La finanza si
preferisce romanzarla. Col sottinteso che se ne condanna l’avidità, ma poi
contribuendo a spettacolarizzarla – a immortalarla. Bechis, che ci lavora dentro
ogni giorni da qualche decennio, non ci illude. Il piglio “narrativo” non gli
difetta per farcene vedere i congegni nudi e crudi, che sono tutti più o meno
truffaldini. A partire dalla semantica: market rigging, spoofing,
front running, o un confusione di sigle, Cds, Cdo,
Rmbs, etc., fino a Swap, “come ti
cambio le carte in tavola”. Ma questo è vero di tutta la terminologia affaristica,
di cui è quasi vano venire a capo, poiché viene cambiata in continuazione –
come le parole in codice delle mafie.
“Viaggio nella savana della finanza tra prede
e predatori” è il sottotiolo. Senza leoni ma con molte volpi, da clima
temperato.

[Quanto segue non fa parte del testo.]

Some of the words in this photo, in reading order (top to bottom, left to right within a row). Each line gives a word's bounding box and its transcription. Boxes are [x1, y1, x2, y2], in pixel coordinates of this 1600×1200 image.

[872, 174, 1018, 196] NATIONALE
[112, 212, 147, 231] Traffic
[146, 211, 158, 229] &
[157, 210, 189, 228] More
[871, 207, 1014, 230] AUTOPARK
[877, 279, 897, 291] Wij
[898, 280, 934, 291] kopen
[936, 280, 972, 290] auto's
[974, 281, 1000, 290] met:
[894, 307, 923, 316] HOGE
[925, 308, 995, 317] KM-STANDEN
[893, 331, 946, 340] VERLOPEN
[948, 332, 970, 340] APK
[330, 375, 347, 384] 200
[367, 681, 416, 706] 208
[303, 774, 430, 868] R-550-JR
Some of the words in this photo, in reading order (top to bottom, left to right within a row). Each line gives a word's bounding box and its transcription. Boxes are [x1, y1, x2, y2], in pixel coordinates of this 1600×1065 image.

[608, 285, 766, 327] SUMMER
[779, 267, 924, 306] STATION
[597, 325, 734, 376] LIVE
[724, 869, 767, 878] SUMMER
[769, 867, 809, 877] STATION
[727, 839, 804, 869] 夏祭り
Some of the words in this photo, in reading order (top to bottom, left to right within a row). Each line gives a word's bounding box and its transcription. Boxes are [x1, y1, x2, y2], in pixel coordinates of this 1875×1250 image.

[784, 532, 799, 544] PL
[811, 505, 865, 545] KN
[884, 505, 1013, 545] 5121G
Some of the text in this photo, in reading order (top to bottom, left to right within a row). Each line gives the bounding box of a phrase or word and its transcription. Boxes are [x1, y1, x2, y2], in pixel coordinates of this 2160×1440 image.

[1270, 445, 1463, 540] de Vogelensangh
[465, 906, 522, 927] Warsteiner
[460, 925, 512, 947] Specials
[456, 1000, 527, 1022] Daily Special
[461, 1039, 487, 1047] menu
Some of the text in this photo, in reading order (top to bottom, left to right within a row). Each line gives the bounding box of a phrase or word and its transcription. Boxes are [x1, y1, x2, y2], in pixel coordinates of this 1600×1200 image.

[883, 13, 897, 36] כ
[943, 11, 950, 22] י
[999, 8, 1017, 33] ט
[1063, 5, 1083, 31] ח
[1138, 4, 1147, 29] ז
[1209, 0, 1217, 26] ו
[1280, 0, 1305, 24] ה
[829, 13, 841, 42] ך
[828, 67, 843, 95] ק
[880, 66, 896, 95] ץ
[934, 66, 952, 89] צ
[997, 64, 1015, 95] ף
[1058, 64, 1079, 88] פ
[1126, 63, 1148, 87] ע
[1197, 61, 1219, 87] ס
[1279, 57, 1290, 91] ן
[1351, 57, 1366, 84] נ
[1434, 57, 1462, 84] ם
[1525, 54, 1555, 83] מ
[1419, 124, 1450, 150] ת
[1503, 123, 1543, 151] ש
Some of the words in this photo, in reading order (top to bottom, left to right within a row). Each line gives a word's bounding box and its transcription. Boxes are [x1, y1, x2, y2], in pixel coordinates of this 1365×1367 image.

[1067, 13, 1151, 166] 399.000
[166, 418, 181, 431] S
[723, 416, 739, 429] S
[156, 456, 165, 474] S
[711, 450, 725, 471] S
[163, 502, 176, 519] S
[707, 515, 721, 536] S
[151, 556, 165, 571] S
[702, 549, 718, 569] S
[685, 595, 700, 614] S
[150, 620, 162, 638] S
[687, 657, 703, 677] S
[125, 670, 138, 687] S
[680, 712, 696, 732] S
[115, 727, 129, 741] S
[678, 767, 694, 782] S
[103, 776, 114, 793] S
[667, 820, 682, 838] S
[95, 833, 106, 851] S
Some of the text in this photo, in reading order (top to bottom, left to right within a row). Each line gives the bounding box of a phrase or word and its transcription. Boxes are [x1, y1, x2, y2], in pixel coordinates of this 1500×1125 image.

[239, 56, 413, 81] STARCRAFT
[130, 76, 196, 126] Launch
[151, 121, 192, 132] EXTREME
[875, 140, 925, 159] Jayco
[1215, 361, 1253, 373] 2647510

Sembra troppo, soprattutto per un giornalista del settore, che bene
o male ci convive, un eccesso polemico. Ma il fatto è incontestato: nessuno pretende
che non sia vero. Solo che nessuno ci mette mano. Bechis non propone soluzione
perché non solo non si adottano ma non sono nemmeno materia di discussione.
Guadagnare impoverendo
gli altri è sempre stato un brutto mestiere. Per questo tenuto in punta di bastone
e regolato. Oggi è invece mestiere eccellente, “il” mestiere, e del tutto
svincolato, padrone delle coscienze e dei governi. L’esito è noto: la depressione
dell’Occidente. Che però non sa essere altro, all’ombra del free for all.
Franco Bechis, Bestiario di finanza, Castelvecchi, pp.